Get the size of the stream.

Parameters
streamPointer to the stream instance.
Returns
The size of the stream, in bytes

◆ bj_open_stream_file()

struct bj_stream * bj_open_stream_file ( const char * path,
struct bj_error ** error )

Creates a new struct bj_stream for reading from a file.

Parameters
pathThe file path to open
errorOptional error object
Returns
A pointer to the new bj_stream, or 0 on error.

The file memory is entirely copied to internal memory buffer.

◆ bj_open_stream_read()

struct bj_stream * bj_open_stream_read ( const void * data,
size_t length )

Creates a new struct bj_stream for reading from a memory buffer.

Parameters
dataPointer to the data buffer.
lengthLength of the data buffer in bytes.
Returns
A pointer to the newly created struct bj_stream object.

◆ bj_read_stream()

size_t bj_read_stream ( struct bj_stream * stream,
void * dest,
size_t count )

Reads data from the stream into a destination buffer.

Parameters
streamPointer to the stream instance.
destPointer to the destination buffer.
countNumber of bytes to read.
Returns
Number of bytes actually read.

The function advances the stream position by count bytes.
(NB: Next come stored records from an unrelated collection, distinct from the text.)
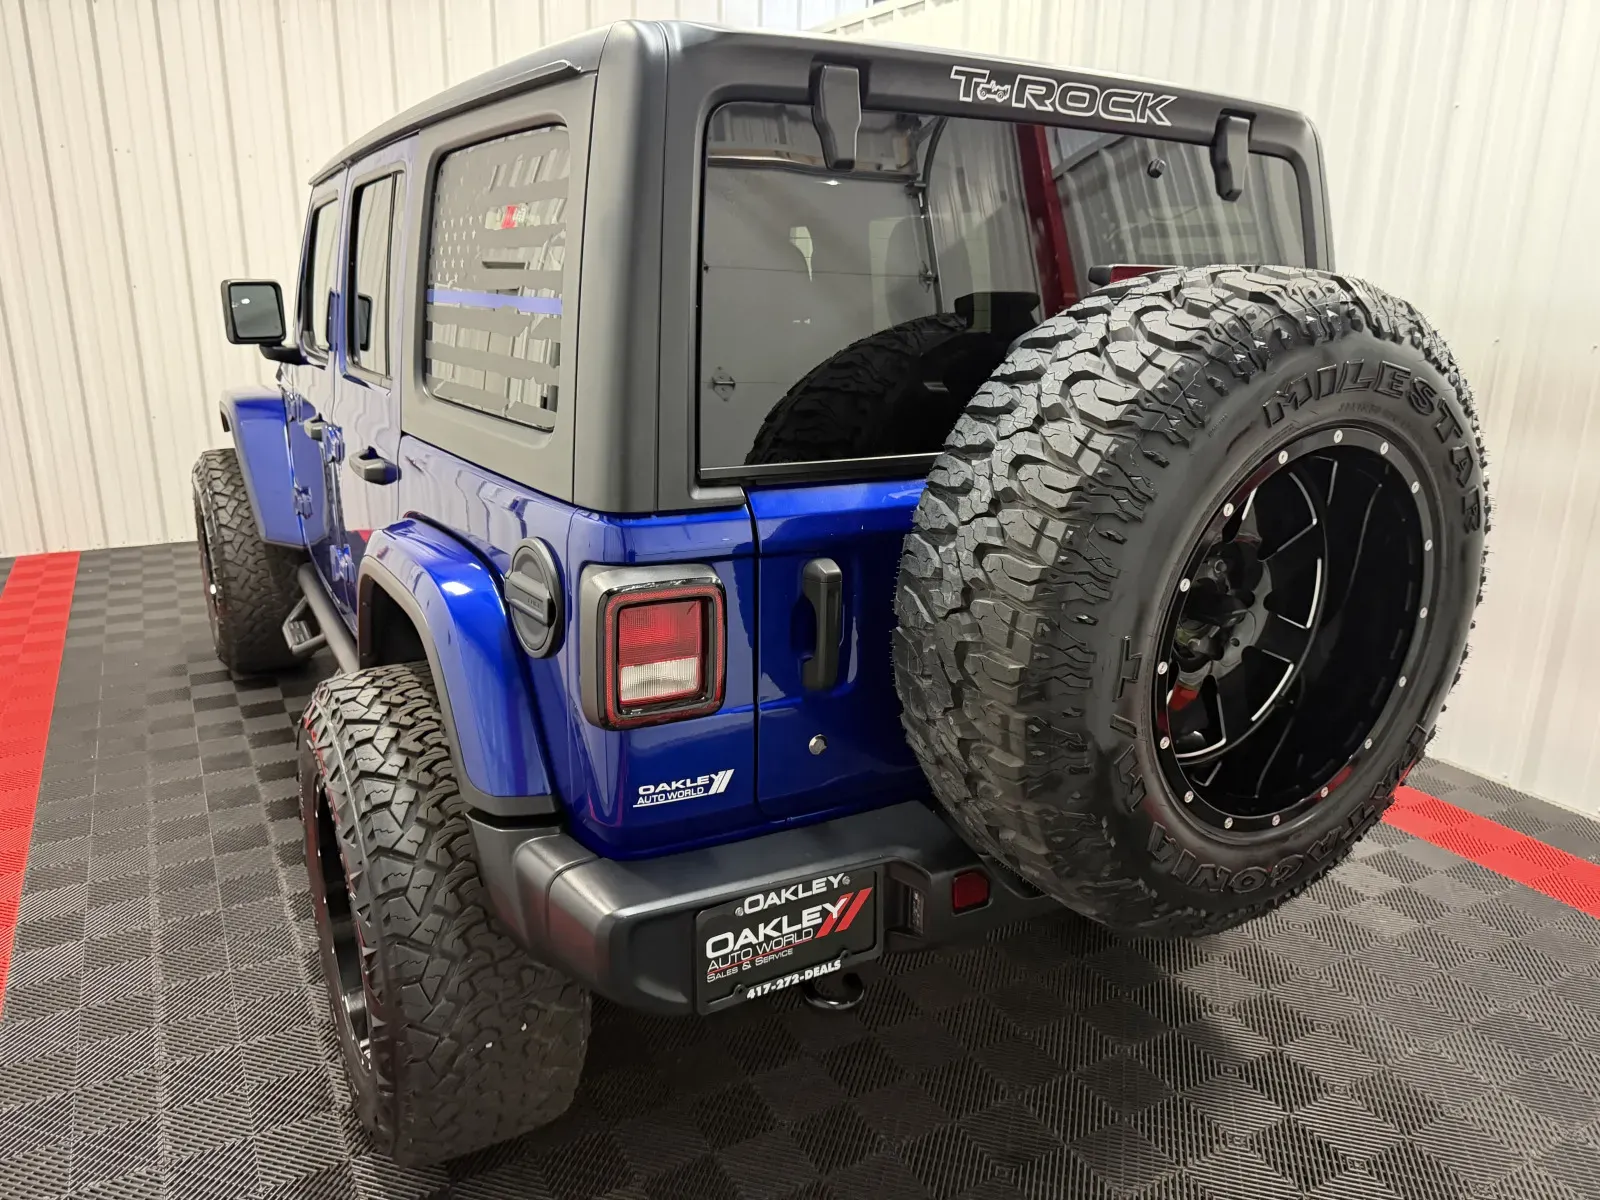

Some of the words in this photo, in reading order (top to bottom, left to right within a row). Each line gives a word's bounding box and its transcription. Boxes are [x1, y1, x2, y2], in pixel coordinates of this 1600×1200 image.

[1261, 358, 1483, 536] MILESTAR
[636, 792, 666, 806] AUTO
[667, 785, 704, 801] WORLD
[638, 773, 722, 796] OAKLEY
[743, 872, 846, 916] OAKLEY
[705, 897, 849, 960] OAKLEY
[707, 947, 753, 973] AUTO
[756, 927, 814, 955] WORLD
[707, 965, 739, 983] SALES
[742, 960, 752, 971] &
[755, 948, 794, 966] SERVICE
[747, 959, 842, 1000] 417-272-DEALS
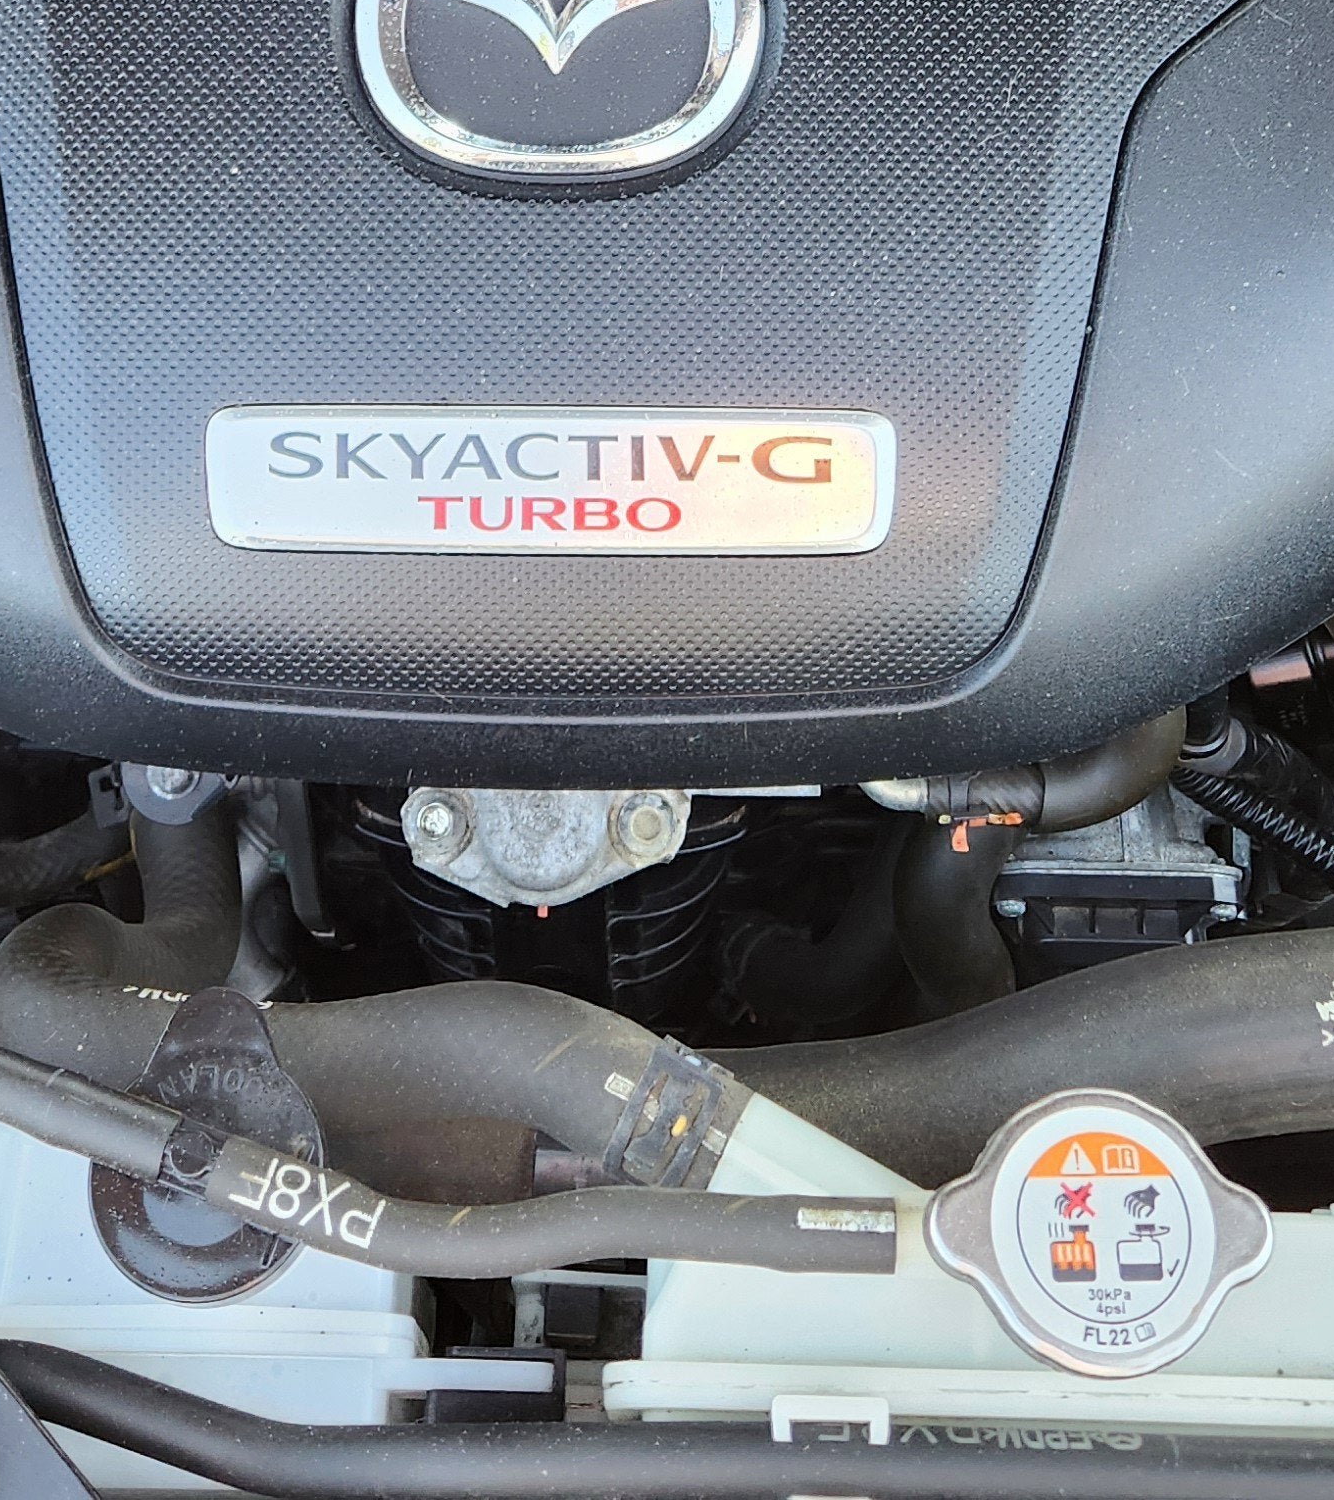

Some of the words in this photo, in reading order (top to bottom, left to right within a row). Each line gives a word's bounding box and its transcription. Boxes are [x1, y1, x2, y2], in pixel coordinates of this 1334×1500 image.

[267, 431, 833, 485] SKYACTIV-G
[416, 495, 684, 533] TURBO
[227, 1158, 386, 1248] PX8F
[1088, 1288, 1131, 1300] 30kPa
[1096, 1302, 1125, 1316] 4psi
[1083, 1326, 1131, 1345] FL22
If fewer bytes than count are read, the end of the stream is reached.

Memory Safety

This function does not perform any memory bounds checking. It is the caller's responsibility to ensure dest has enough space to hold count bytes.

◆ bj_seek_stream()

size_t bj_seek_stream ( struct bj_stream * stream,
ptrdiff_t position,
enum bj_seek_origin from )

Seeks to a new position in the stream relative to a specified origin.

Parameters
streamPointer to the stream instance.
positionOffset for the new position.
fromOrigin relative to which the position should be calculated.
Returns
The new position within the stream after seeking.
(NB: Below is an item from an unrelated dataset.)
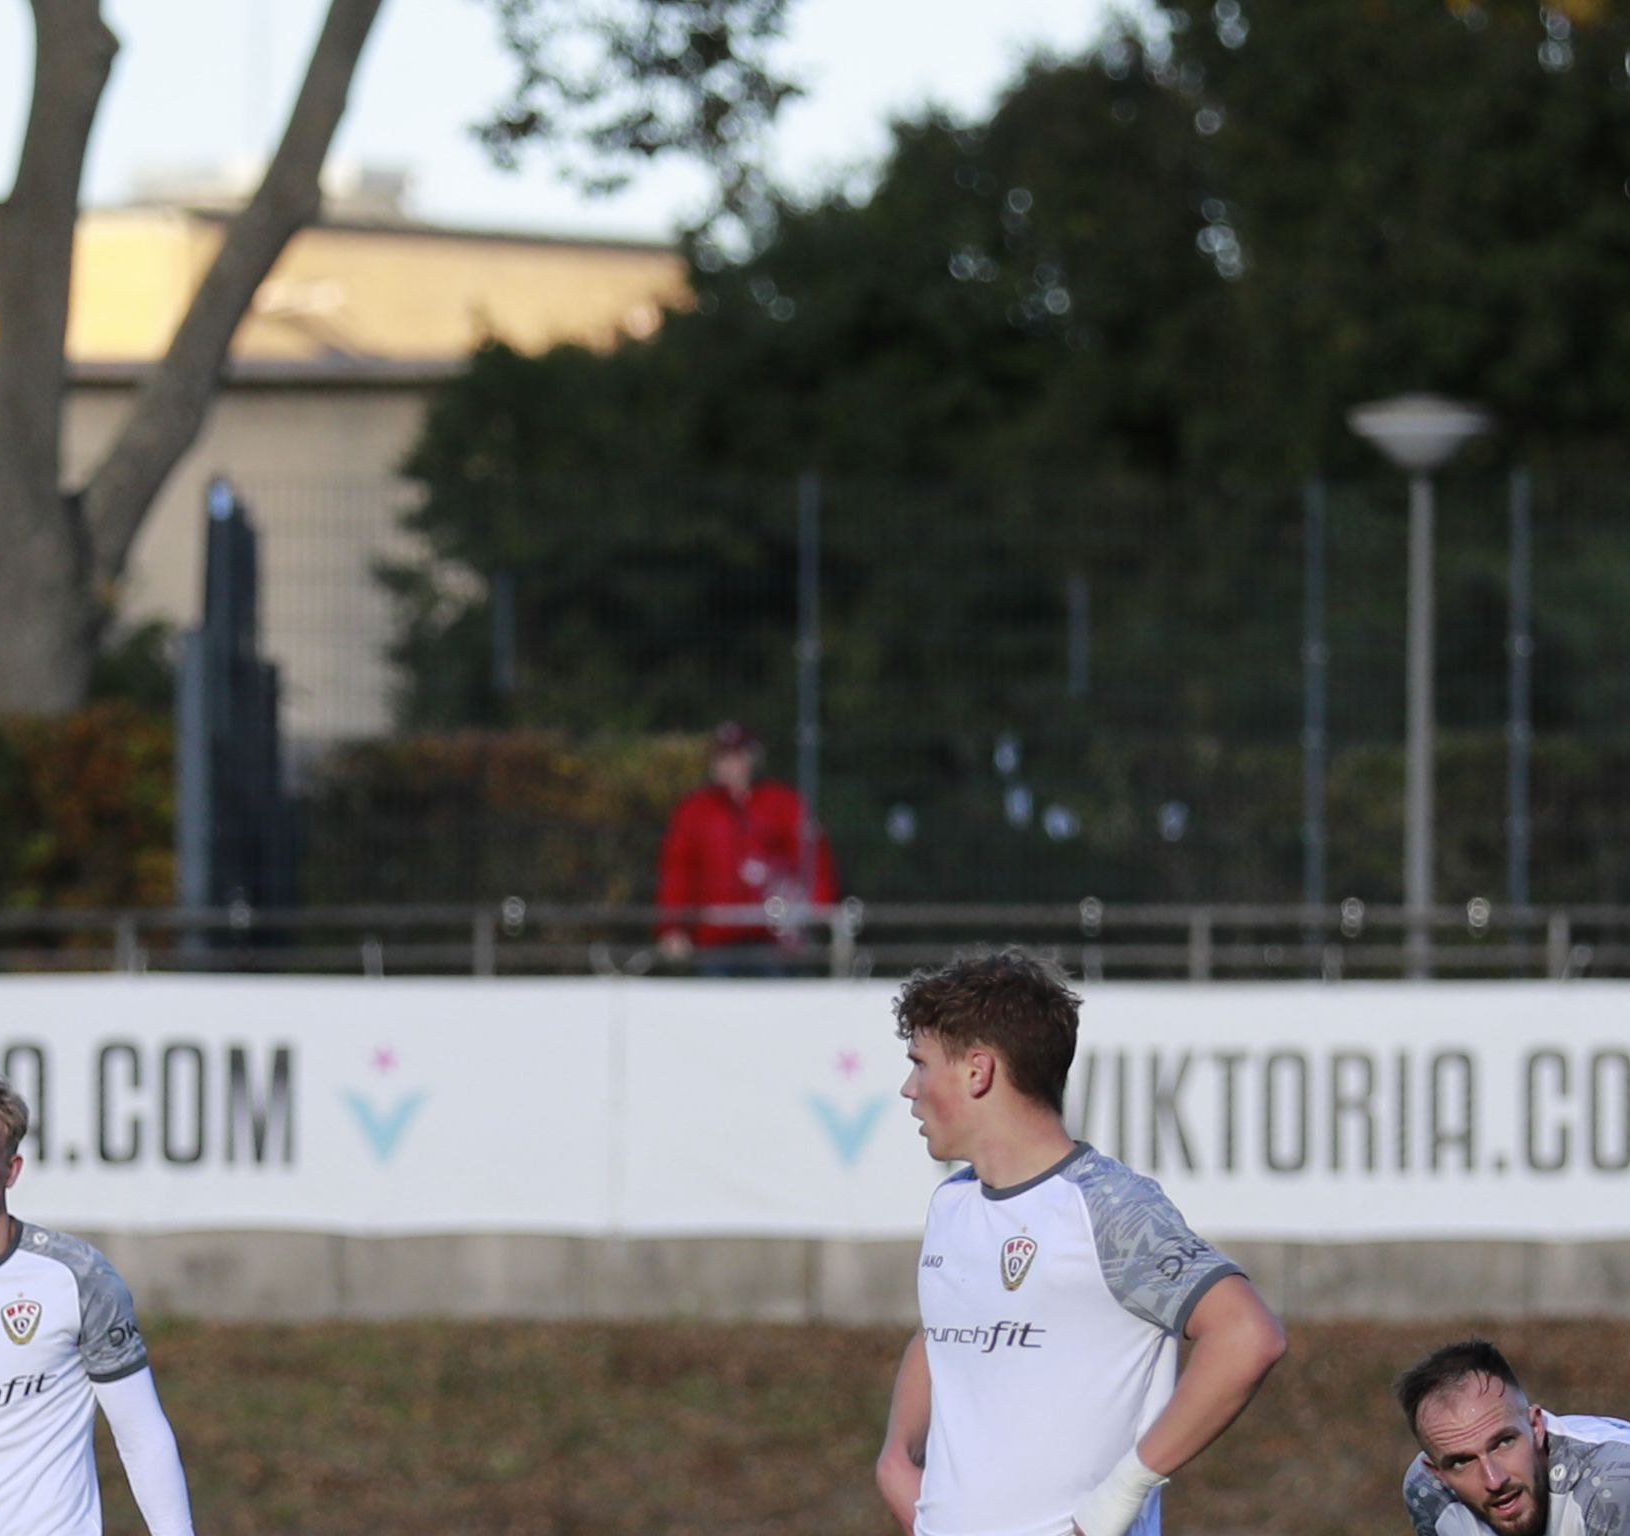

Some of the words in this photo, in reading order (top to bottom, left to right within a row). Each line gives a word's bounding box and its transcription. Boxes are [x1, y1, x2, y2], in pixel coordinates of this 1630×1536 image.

[1006, 1240, 1033, 1256] BFC
[6, 1302, 38, 1318] BFC
[923, 1320, 1047, 1353] runchfit
The function clamps the new position to stay within the valid range of the stream, from 0 to the length of the stream.

◆ bj_tell_stream()

size_t bj_tell_stream ( struct bj_stream * stream)

Returns the current position of the cursor in the stream.

Parameters
streamPointer to the stream instance.
Returns
The current position within the stream.